Education Structure and Content

EDUCATION STRUCTURE AND CONTENT

To fulfill the overall purpose the school will provide opportunities for the students to interact with different levels of knowledge – cognitive, personal, social, and cultural knowledge as well as affective knowledge. Although these levels will be described in phases in the following together they must be looked upon dynamically, as a spiral shape; you can return to earlier phases when needed. Each of the levels has implications for action, content, and pedagogical and didactic ways of working. 

Level 1) Qualifications 

Through teaching, instruction and presentation the students will know, understand, identify, distinguish, and integrate facts, insight, values, theories, empirical methods, tools, multicultural/inter cultural issues, theological issues, themselves and the therapeutic relationship – psychotherapist intentions and client reactions. 

Level 2) Competencies 

Through individual projects (e.g. essays), experiential learning (e.g. cases), bimonthly reports (= portfolio/logbook), resources of participants, feedback, evaluation of self, and internal evaluation the students will reflect, train, validate, integrate, sort, and select information and strategies of how to observe and learn in a specific situation. 

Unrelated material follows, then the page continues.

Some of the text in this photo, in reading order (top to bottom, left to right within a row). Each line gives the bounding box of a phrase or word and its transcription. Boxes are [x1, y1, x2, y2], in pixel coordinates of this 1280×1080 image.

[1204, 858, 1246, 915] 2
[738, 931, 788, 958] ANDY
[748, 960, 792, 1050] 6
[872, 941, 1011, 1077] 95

Level 3) Paradigmatic perspectives and creativity 

Through collaborated interaction among the students (= communities of practice), e.g. sharing of knowledge and thereby enhancing responsibility and interdependence, the students are participants in the professional field of IPSICC psychotherapists. The students will develop, create, evaluate, modify, maintain, reorient, innovate, change, use, and acquire systemic skills and further systemic development.

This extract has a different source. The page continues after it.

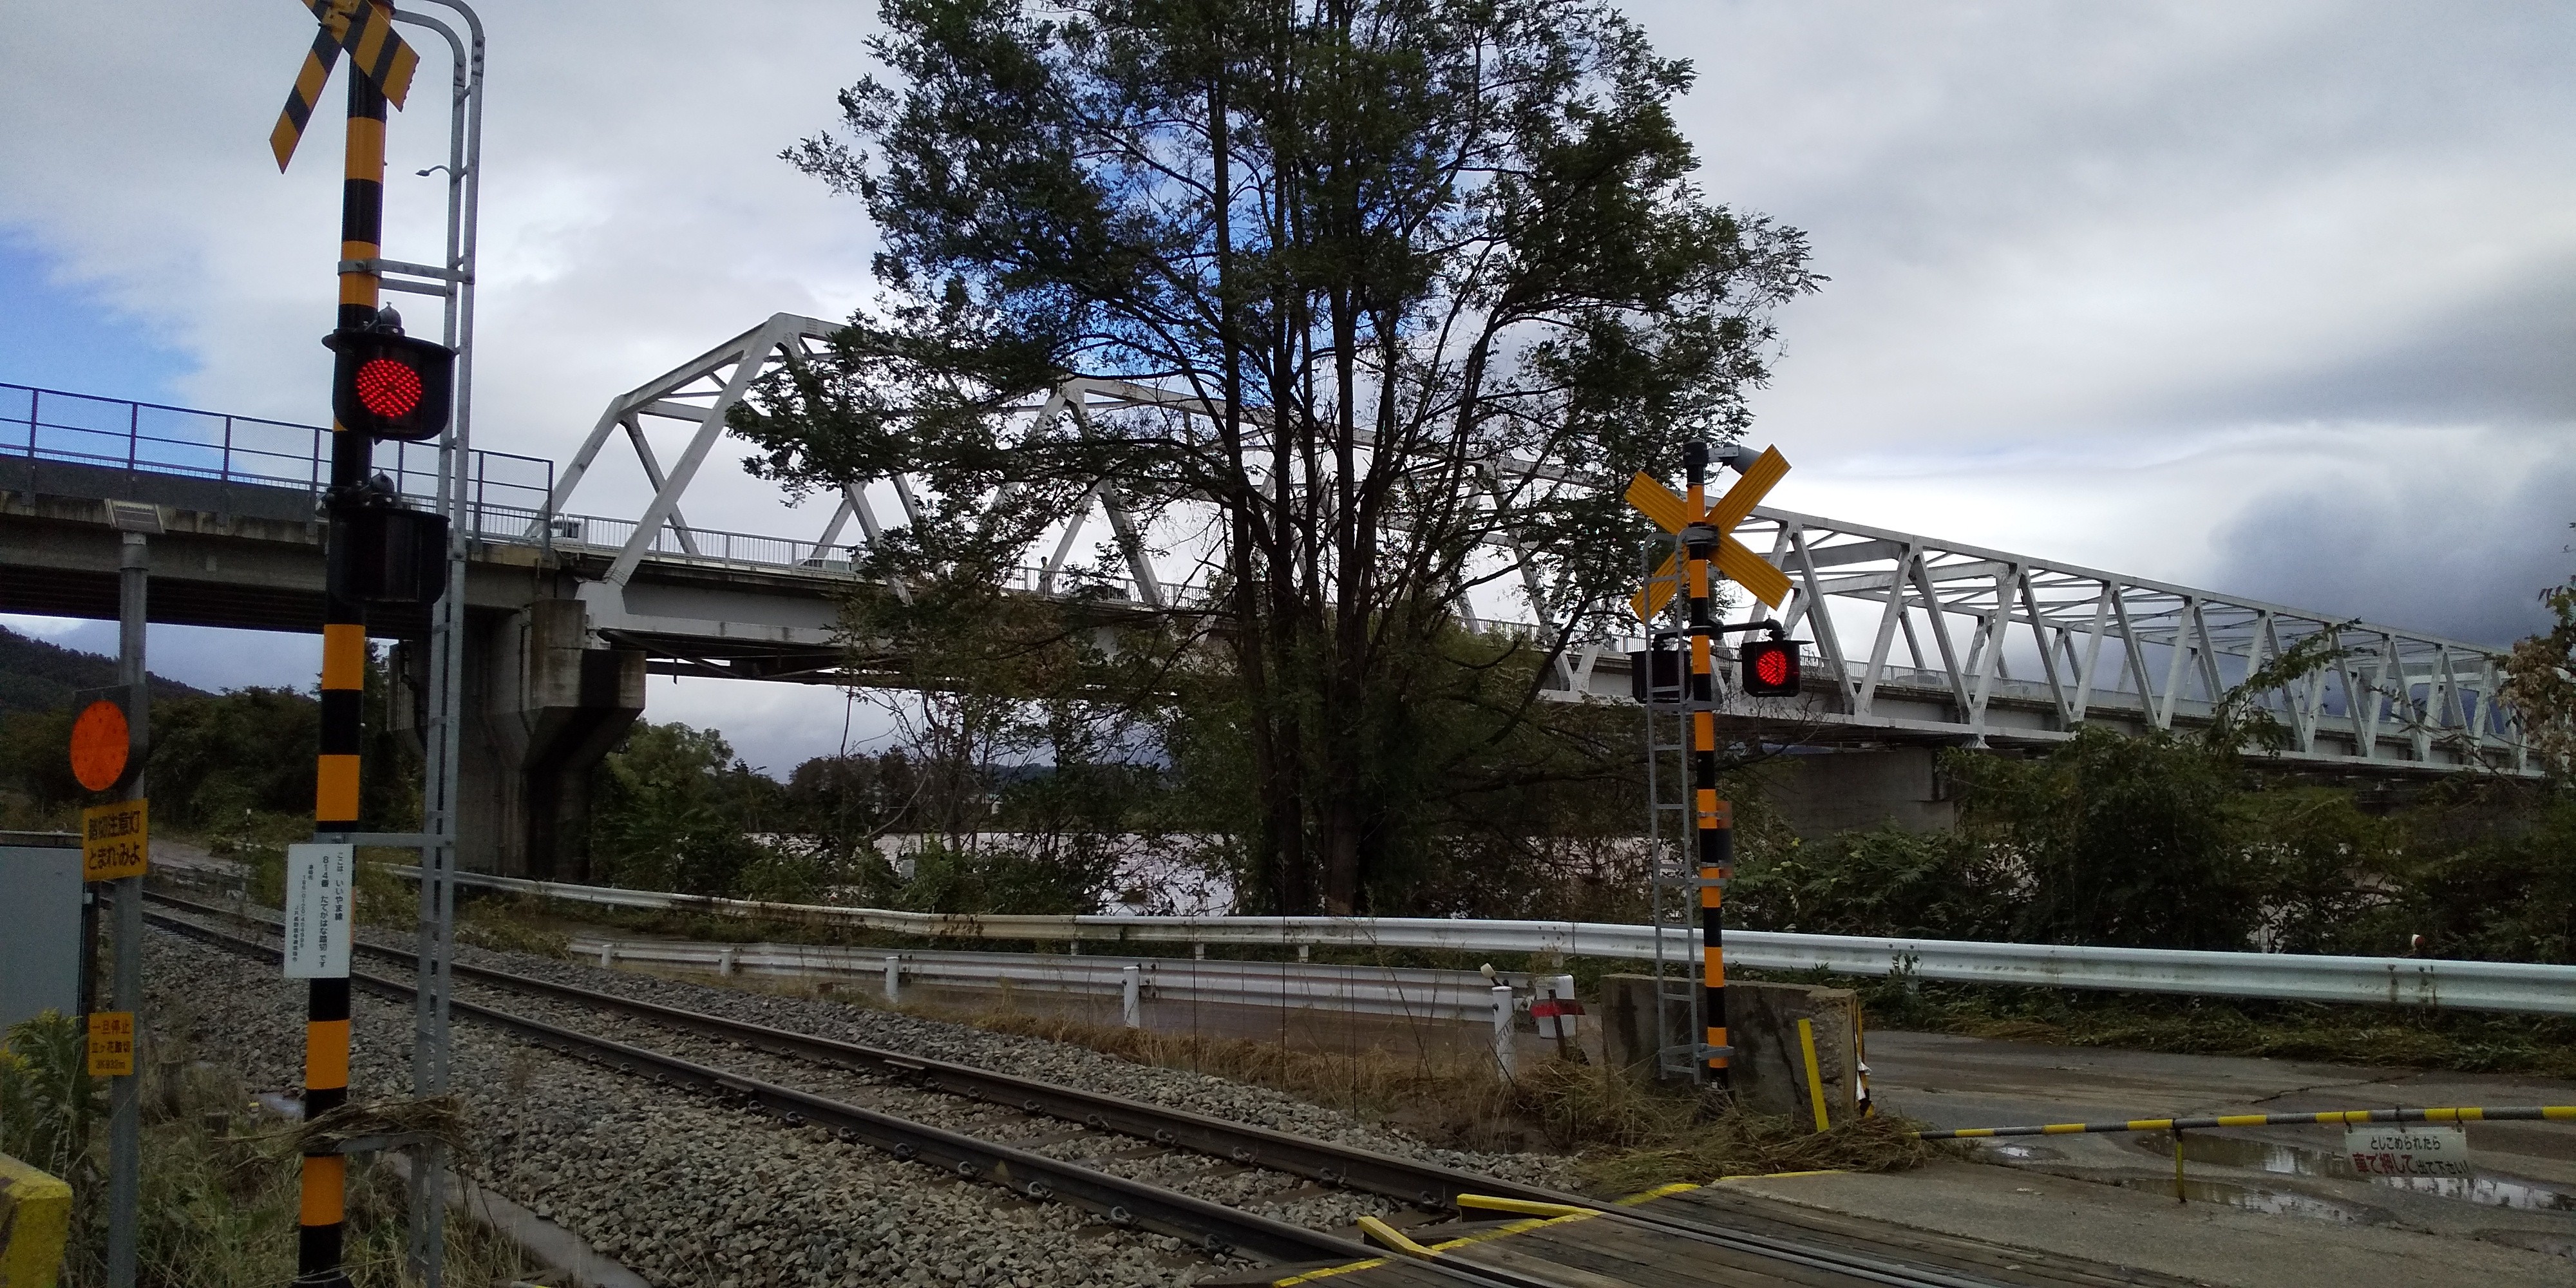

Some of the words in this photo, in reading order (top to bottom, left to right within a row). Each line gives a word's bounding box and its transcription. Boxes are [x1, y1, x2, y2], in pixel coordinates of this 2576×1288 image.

[91, 1019, 131, 1036] 一旦停止
[2370, 1135, 2441, 1151] とじこめられたら

The content of this area is the therapeutic relationship that means the behavior in the process of change so that the students learn to support and facilitate abuse survivors and their relations in their efforts of exploration and self-development. The pedagogical means in this area may be residential, presentations, networking, supervision, and tutorial work

Level 4) A specific culture 

As participants in a specific culture, the students must observe and notice environment pressure and assimilate and/or accommodate this. At the same time they must also be aware of the implications of a Christian culture and the culture of abuse. 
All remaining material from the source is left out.